There, again, the accounting metaphor emphasizing the fact that there is nothing else that is owed.  You see, the sinner has been justified or declared righteous by God.  The psalmist there covers the whole gamut of sin and, therefore, the limitless breadth and the comprehensive nature of divine forgiveness. Our sins in that text, he says, have been forgiven. They have been covered.  He does not impute. 

“Forgiven” means literally in the original language they have been lifted. They have been carried away.  Our sins, the burden of guilt have been removed. They have been covered.

Remember, we saw the first picture of that in the Garden of Eden with the innocent animal that God killed and covered Adam and Eve and that denotes God’s gracious atonement by which the sinner has been reconciled to him. His justice has been satisfied. Therefore, because of that, he refuses to consider that sin in any further judgment.  It is a matter of the past.  It is no longer a ground for his displeasure.  He keeps no record of it. 
You see, Christ’s atonement is the covering and he made an end to our sin once and for all.  So he does not impute or count our sin.  He keeps no records of wrong.

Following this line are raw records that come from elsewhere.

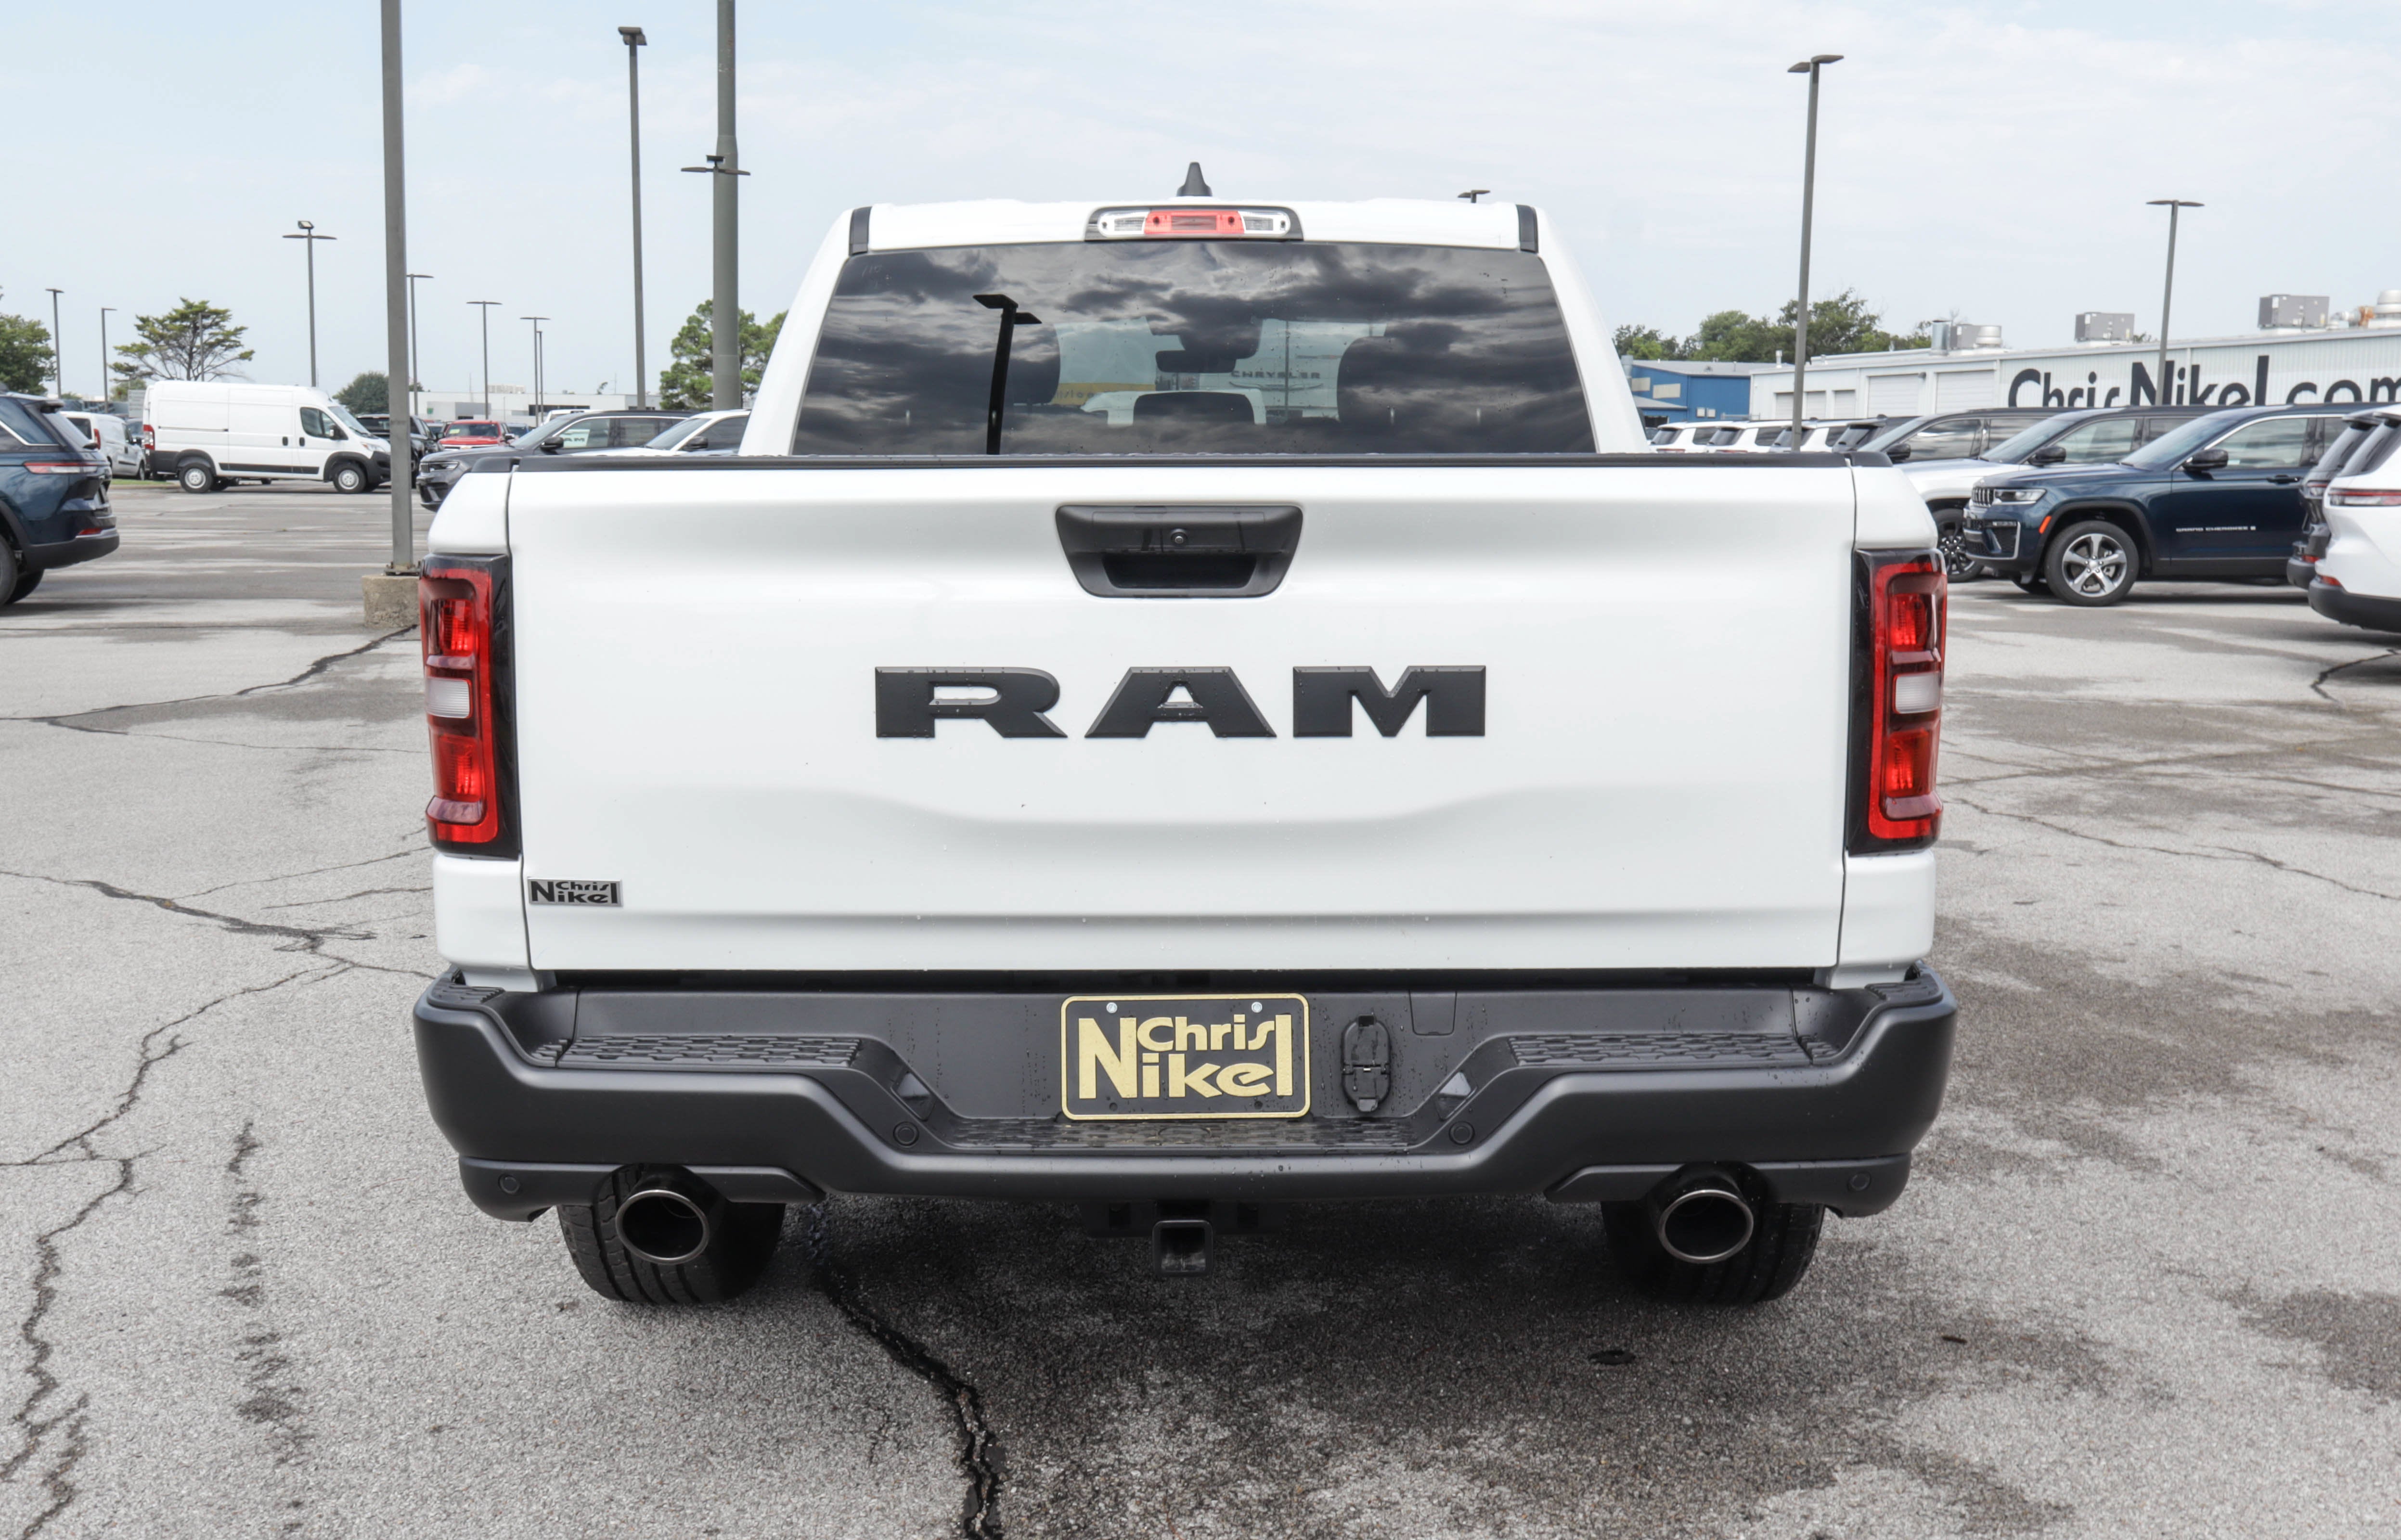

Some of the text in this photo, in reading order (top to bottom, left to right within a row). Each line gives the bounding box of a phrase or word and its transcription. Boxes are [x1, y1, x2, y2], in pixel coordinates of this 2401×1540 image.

[875, 667, 1486, 738] RAM
[531, 881, 618, 904] Nikel
[555, 881, 609, 891] Chris
[1137, 1014, 1275, 1052] Chris
[1078, 1014, 1293, 1099] Nikel

In his magnificent description of the doctrine of justification, the apostle Paul said of Abraham in Romans four verse three, “AND ABRAHAM BELIEVED GOD, AND IT WAS [here it is again] RECKONED TO HIM AS RIGHTEOUSNESS.”19

And, again, “reckon” is rooted in the verb logizomai (log-id’-zom-ahee).  And here it means to enter into the account book.  What did he enter into the account book here?  That he is righteous because of Christ, the imputed righteousness of Christ.

And then in verse eight of Romans four Paul quotes Psalm 32:2.  “BLESSED IS THE MAN WHOSE SIN THE LORD WILL NOT TAKE INTO ACCOUNT.”20 Isn’t that precious? We see the same concept in 2 Corinthians 5:19. There we read that in Christ God was, quote, “reconciling the world to Himself, not counting their trespasses against them.”21 There is the same thing, same verb.  The Lord doesn’t keep a record of wrongs.  He doesn’t take into account a wrong suffered.

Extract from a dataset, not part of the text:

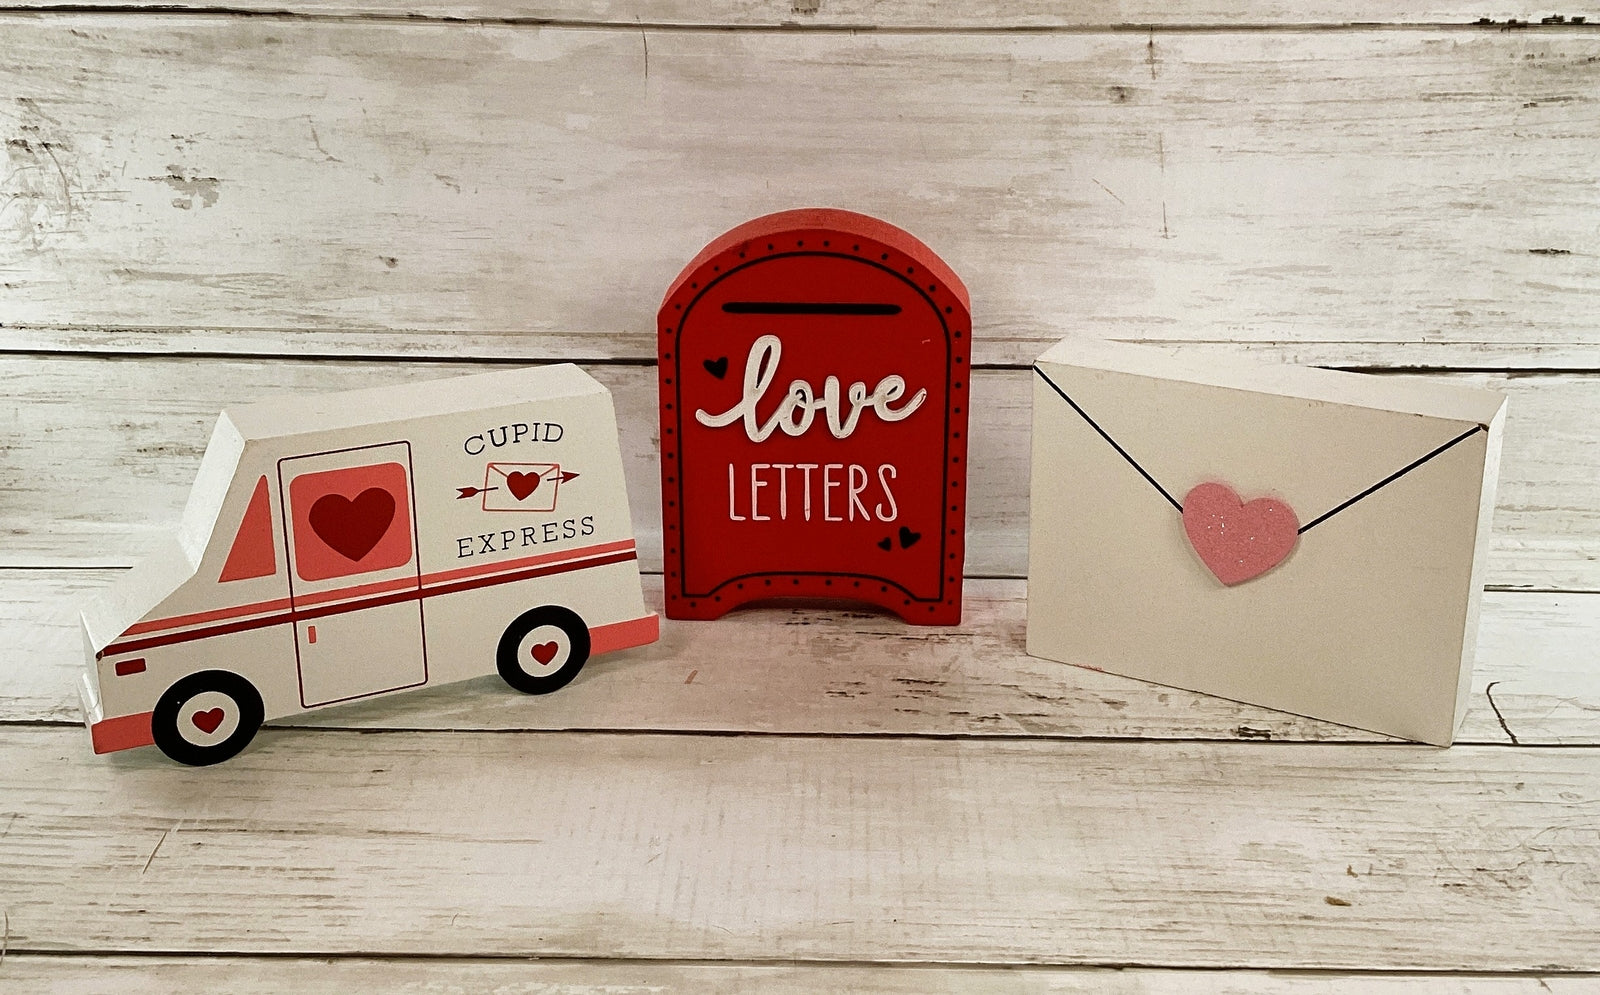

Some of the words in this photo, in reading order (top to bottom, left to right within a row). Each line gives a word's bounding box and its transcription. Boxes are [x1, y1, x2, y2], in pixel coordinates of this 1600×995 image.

[695, 334, 926, 443] love
[463, 421, 565, 456] CUPID
[728, 463, 898, 522] LETTERS
[456, 515, 597, 558] EXPRESS

Beloved, don’t you see the comprehensive forgiveness that we have in Christ? 

Psalm 103 verse 10, “He has not dealt with us according to our sins, Nor rewarded us according to our iniquities.”22 And in verse 12 we read that, “As far as the east is from the west, So far has He removed our transgressions from us.”23

When I was a young man, I remember hearing a revival preacher talk about how that some day we are going to have to give account before the Lord.  And he envisioned this big screen type of thing in heaven where it would be my turn and all of the sudden all of the sins of my life are going to be played on that screen. I tell you,  I remember as a young man, I thought, boy, I am in for a world of hurt.  I thought there was going to be no more tears in heaven, but this is... it really shook me.  As a young man I had no idea that this man’s theology was errant. I just kind of believed him. 

But, beloved, there is not going to be a big screen.  And if there were a big screen, because God doesn’t keep a record of wrongs, the only thing that would be on the screen would be “righteous because of Christ.” 

Jude 24 tells us in that great doxology that we are going to stand in the presence of his glory blameless with great joy.  I am so thankful for that because the Lord doesn’t keep a record of wrongs. It doesn’t say that you are going to stand in his presence guilty with great sorrow.  It doesn’t even say that you are going to stand in his presence forgiven yet exposed with great embarrassment.   You are going to stand in the presence of his glory blameless with great joy.

Now, practically speaking when a brother or sister in Christ offends you or mistreats you, may I ask you, who is the most offended, you or God?  You who are least holy or God who is most holy?  Obviously it is God who is most holy.  Now if the one who is most holy and most offended does not keep a record of wrongs, may I ask you, on what basis do you keep a record of wrongs?  It doesn’t make any sense, does it? 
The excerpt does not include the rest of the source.